In the course of your duties, what was your most memorable moment working with PATA Malaysia Chapter?
I have been to Malaysia many times. The most memorable for me was when we organised PATA Travel Mart 2018 in Langkawi. I was extremely pleased to hear from all the participants how much they enjoyed the event. We even had a delegate asking us to have the event held there every year after that. The Langkawi Development Authority and PATA Malaysia Chapter were extremely helpful in making this a highly successful event for all.
PATA’s maiden virtual event, Dream to Travel Festival, was successfully executed last year. What can we expect this year apart from the regular monthly webinars?
We are constantly looking for new innovative concepts to engage with our members and the industry at large. The Dream to Travel Festival 2020 has become a source of inspiration for PATA Marketplace, now a permanent feature that serves as a vehicle for our members and the industry to discover new products and services. Do register for the virtual PATA Annual Summit 2021 from 27-29 April, which provides the latest insights, trends and outlook of the industry. Keep abreast with PATA website as it will be launching more new events.
Moving forward, what can be done to resuscitate the travel and tourism industry in Asia Pacific which has been ravaged by the Covid-19 pandemic?
The first step to recovery is ensuring that each destination has a good handle of the pandemic and the health of its citizens. The next thing is to have clear border crossing protocols in place. As I have stated in a recent PATA press release announcing our annual forecast, the recovery will be slow and uneven. It means that that certain destinations will recover faster than others. I believe it is also important at this time for destinations to continue to market themselves to those who dream to travel. However, the message needs to be adapted as the situation evolves.
Tell us more about PATA’s enhanced Crisis Resource Centre, which offers best practices and resources to help the industry in recovery planning.
It was launched in 2020 in response to the needs from both the public and private sector for reliable sources of information and guidance for crisis communications.
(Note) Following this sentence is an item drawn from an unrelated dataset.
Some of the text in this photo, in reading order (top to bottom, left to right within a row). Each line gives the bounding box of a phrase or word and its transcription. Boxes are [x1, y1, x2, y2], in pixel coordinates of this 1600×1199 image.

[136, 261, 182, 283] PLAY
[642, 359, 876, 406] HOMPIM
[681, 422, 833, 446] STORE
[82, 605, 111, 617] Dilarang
Contents are regularly added to the platform. Although the present focus is on Covid-19, we plan to add resources to deal with other type of crisis in the future.
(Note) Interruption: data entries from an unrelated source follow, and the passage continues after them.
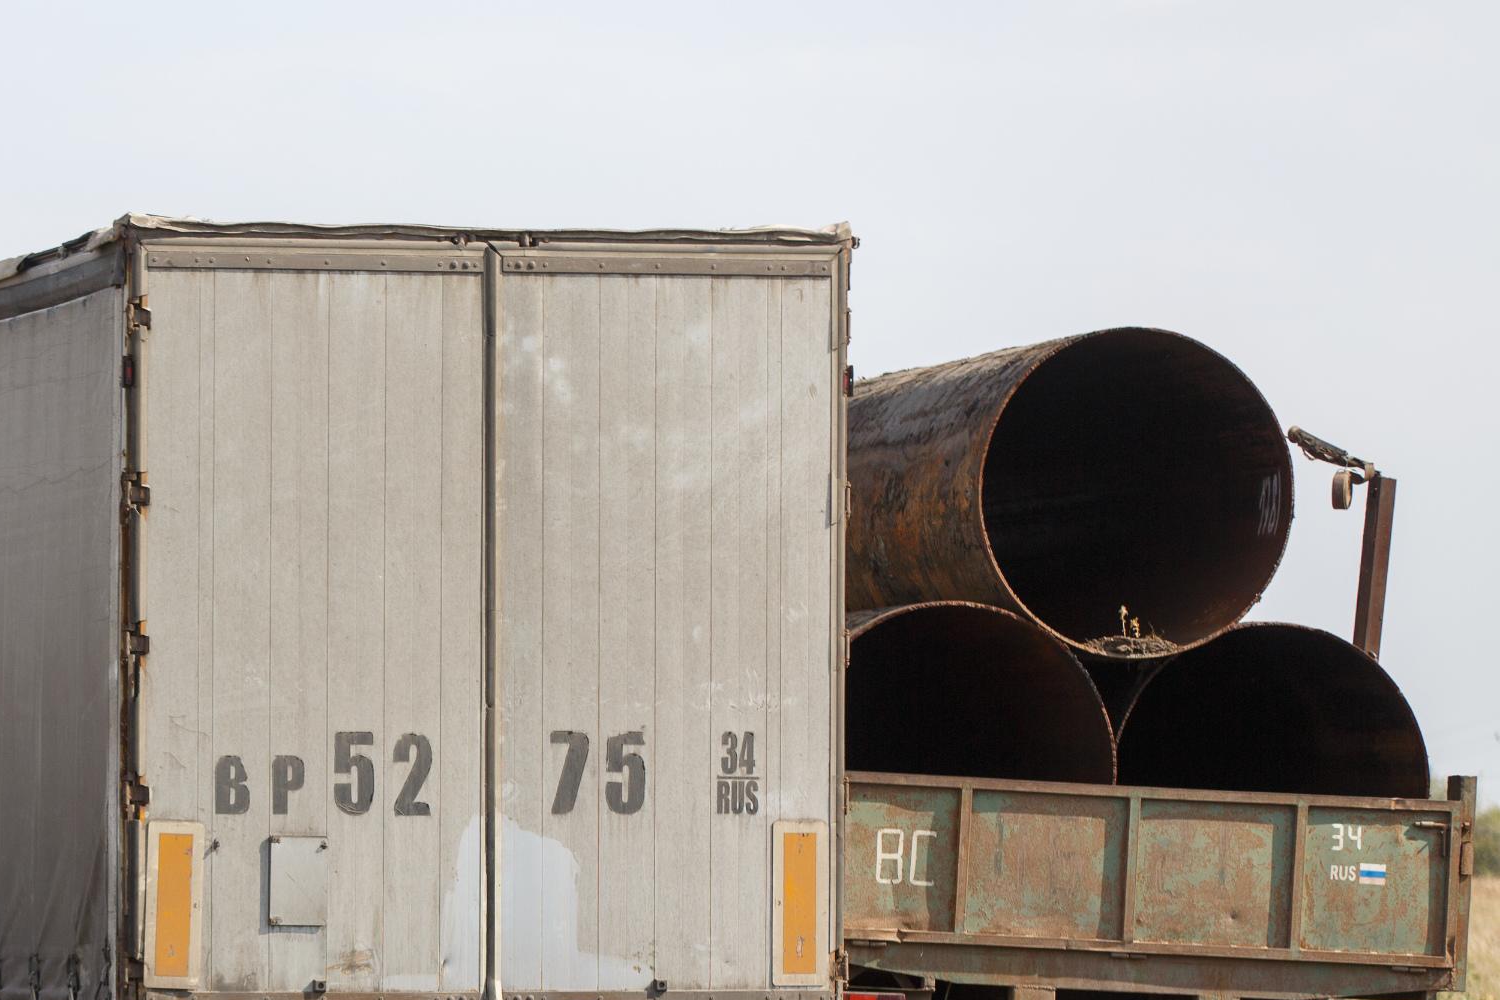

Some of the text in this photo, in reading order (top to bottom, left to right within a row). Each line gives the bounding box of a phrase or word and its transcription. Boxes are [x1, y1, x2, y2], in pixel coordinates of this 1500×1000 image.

[720, 731, 756, 776] 34
[333, 731, 433, 817] 52
[549, 730, 647, 816] 75
[716, 779, 760, 815] RUS
[1331, 823, 1362, 851] 34
[1330, 864, 1357, 882] RUS
Besides being ‘grounded’, how has the Covid-19 crisis impacted you?
I do not know anyone who has not been impacted either directly or indirectly by the pandemic. I have lost family members and dear friends to Covid-19. I have also been unable to see my children and other family members for over a year. Lastly, the pandemic has affected my post-PATA plans in more ways than I had imagined.
What lessons have you learnt from this pandemic?
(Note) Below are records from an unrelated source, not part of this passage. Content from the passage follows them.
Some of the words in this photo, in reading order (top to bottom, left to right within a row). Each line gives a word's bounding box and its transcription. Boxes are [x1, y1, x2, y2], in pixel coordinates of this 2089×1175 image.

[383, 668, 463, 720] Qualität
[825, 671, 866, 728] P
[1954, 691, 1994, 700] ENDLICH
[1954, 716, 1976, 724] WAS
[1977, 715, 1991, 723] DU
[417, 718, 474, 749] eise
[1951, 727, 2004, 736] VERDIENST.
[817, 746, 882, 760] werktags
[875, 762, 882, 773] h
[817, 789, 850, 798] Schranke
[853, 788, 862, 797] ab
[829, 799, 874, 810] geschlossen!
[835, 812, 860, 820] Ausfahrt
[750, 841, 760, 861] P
Agility and resilience are critically important. To always be prepared for unforeseen situations and having good cash reserve are an absolute necessity for both your business and personal finance.
What are your future plans when your term with PATA ends on 31 May?
I have really enjoyed my time leading the association and engaging with its members from both the public and private tourism sectors across the globe despite it being a very demanding position. I look forward to enjoying a few months of rest and staying healthy, which includes my daily 10+ km of running and cycling. I plan to return to active life at a later stage but have yet decided if it will be in tourism or back to technology and investment.
Any advice or tips for the new CEO who is coming onboard?
Some may say this is the worst time to join an association and leading a sector which has been brought to its knees. I say this is the best time. The next CEO will have the opportunity to be part of rebuilding the industry from the ground up to become more resilient, sustainable and stronger than it was before.